コツ、コツ、と石の階段を一段、また一段と登る。
階段の上の方からは明かりが漏れ、必死に潜めた息遣いが聞こえる。
五階の構造は単純明快、いくつかの柱が入った大きな一室。
ここまで見てきたところ、盗賊たちの実力は大きく見積もっても冒険者で言うところのBランク。世間一般じゃ『一流』と言ったところである。それが二十人であるならば、それを纏めるリーダーはAランク、それもこの建物内の罠を考えるとある程度頭が切れる者だと思う。
まぁ、盗賊のプライドも鑑みて、そういう中途半端に頭のいい奴がすることはただ一つ。
「死ねぇぇぇ.........あ?」
奇襲を仕掛けてきた男の足を凍らせ、動きが止まったと同時に頭蓋を影の針で貫き、絶命させる。

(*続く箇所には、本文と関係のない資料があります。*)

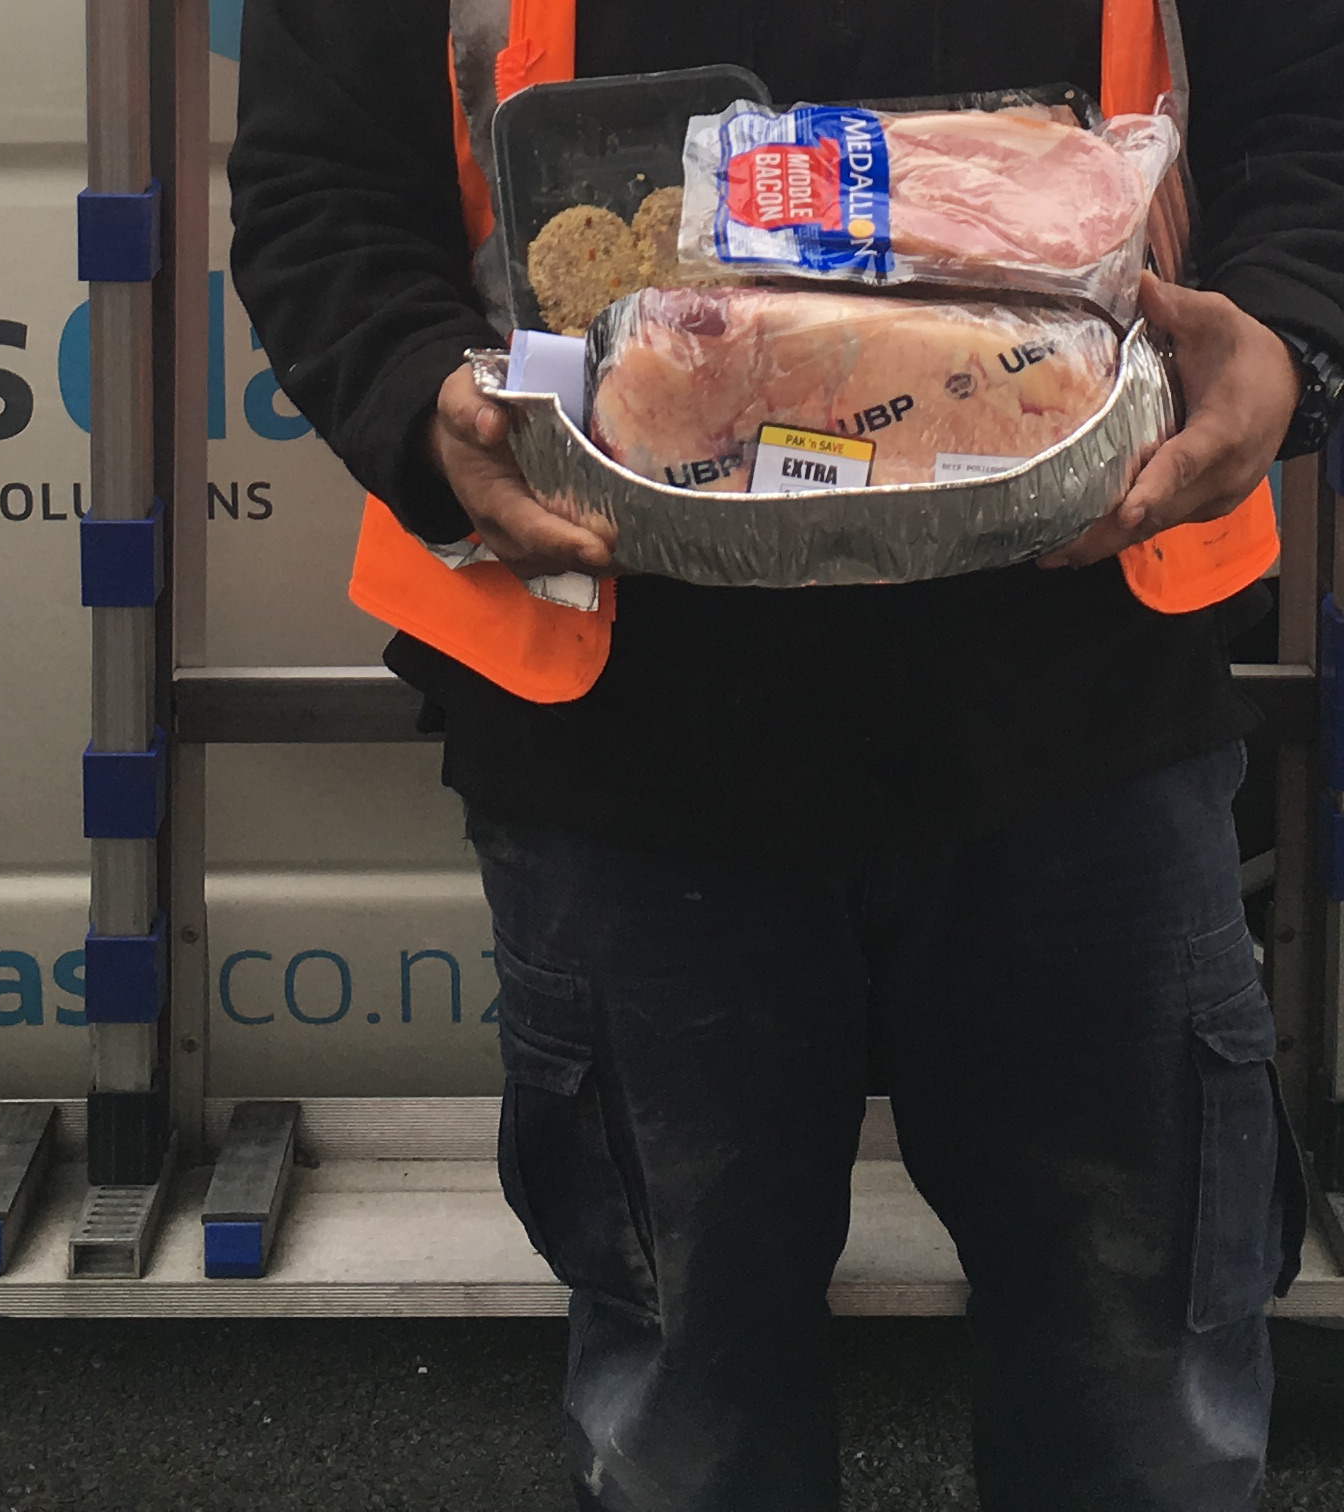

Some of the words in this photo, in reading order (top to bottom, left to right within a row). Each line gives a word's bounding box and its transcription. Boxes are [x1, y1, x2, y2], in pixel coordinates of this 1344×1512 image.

本来ならば首をはねてそれで終わってもよかったのだが、さすがにあの様子を見てしまえばそうも行くまい。
「ひぃっ!?」
その声のした方向に視線を向けると、少しドロや砂で汚れたドレスを身にまとった金髪青眼の女の子が拘束されており、その周囲には二人の男の姿が。

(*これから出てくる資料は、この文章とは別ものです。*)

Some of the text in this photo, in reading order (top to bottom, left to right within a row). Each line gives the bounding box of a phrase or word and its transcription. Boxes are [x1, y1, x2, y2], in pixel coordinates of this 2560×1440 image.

見たところ───ゴツイ方がリーダーで、ヒョロっとしている方が参謀役、って所かな。
僕はそこまで考え至ると、その震えている少女へと視線を戻して笑いかけた。
「初めまして。助けに来ました、お姫様」
───貴族のコネがあれば憂い無し、ってね。
☆☆☆
ここで一応おさらいをしておこう。
まず、僕はこの先、面倒くさい奴らに絡まれそうな予感がしているのだ。まぁ、これに関しては薄々感づいているものも多いだろうが。

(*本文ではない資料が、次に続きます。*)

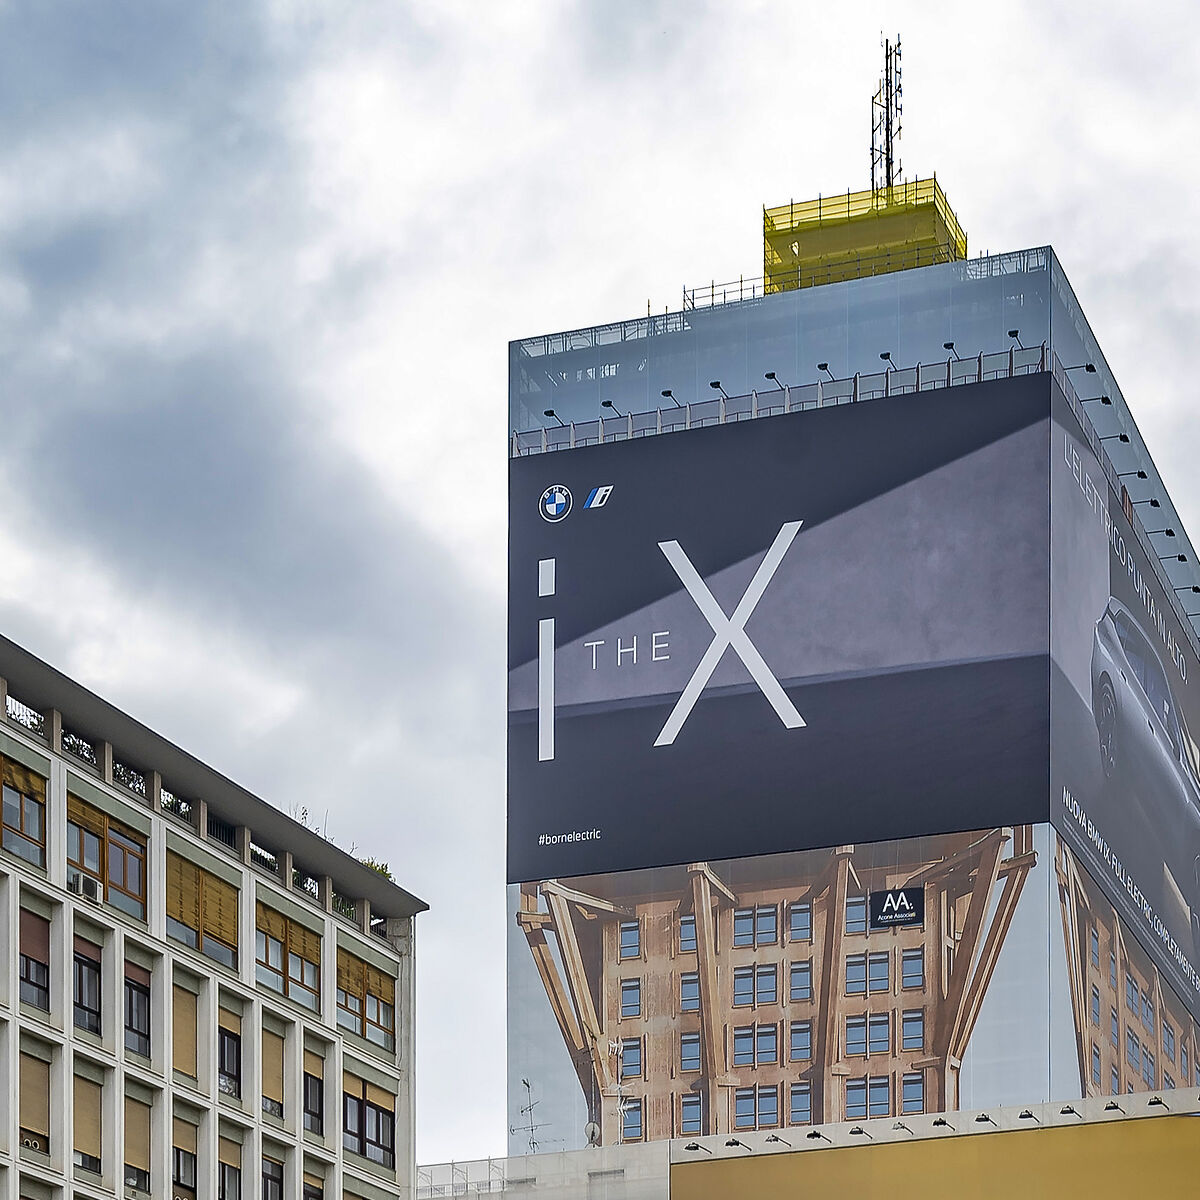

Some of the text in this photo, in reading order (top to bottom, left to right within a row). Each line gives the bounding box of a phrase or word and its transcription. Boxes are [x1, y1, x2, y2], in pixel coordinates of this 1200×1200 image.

そしてその際、正直相手するだけならば僕ひとりで十分だ。
だがしかし、その後始末と周囲への根回し、そして穏便な解決にはまず有力者の力が必要である。
それに対し、『は? 力で解決してしまえばいいだろうが』とお思いの方もいるかもしれないが、それは少し甘い考えだ。
もしもエルメス王国に楯突こうとすれば、エルザ───は分からないが、確実にグレイスが敵に回る。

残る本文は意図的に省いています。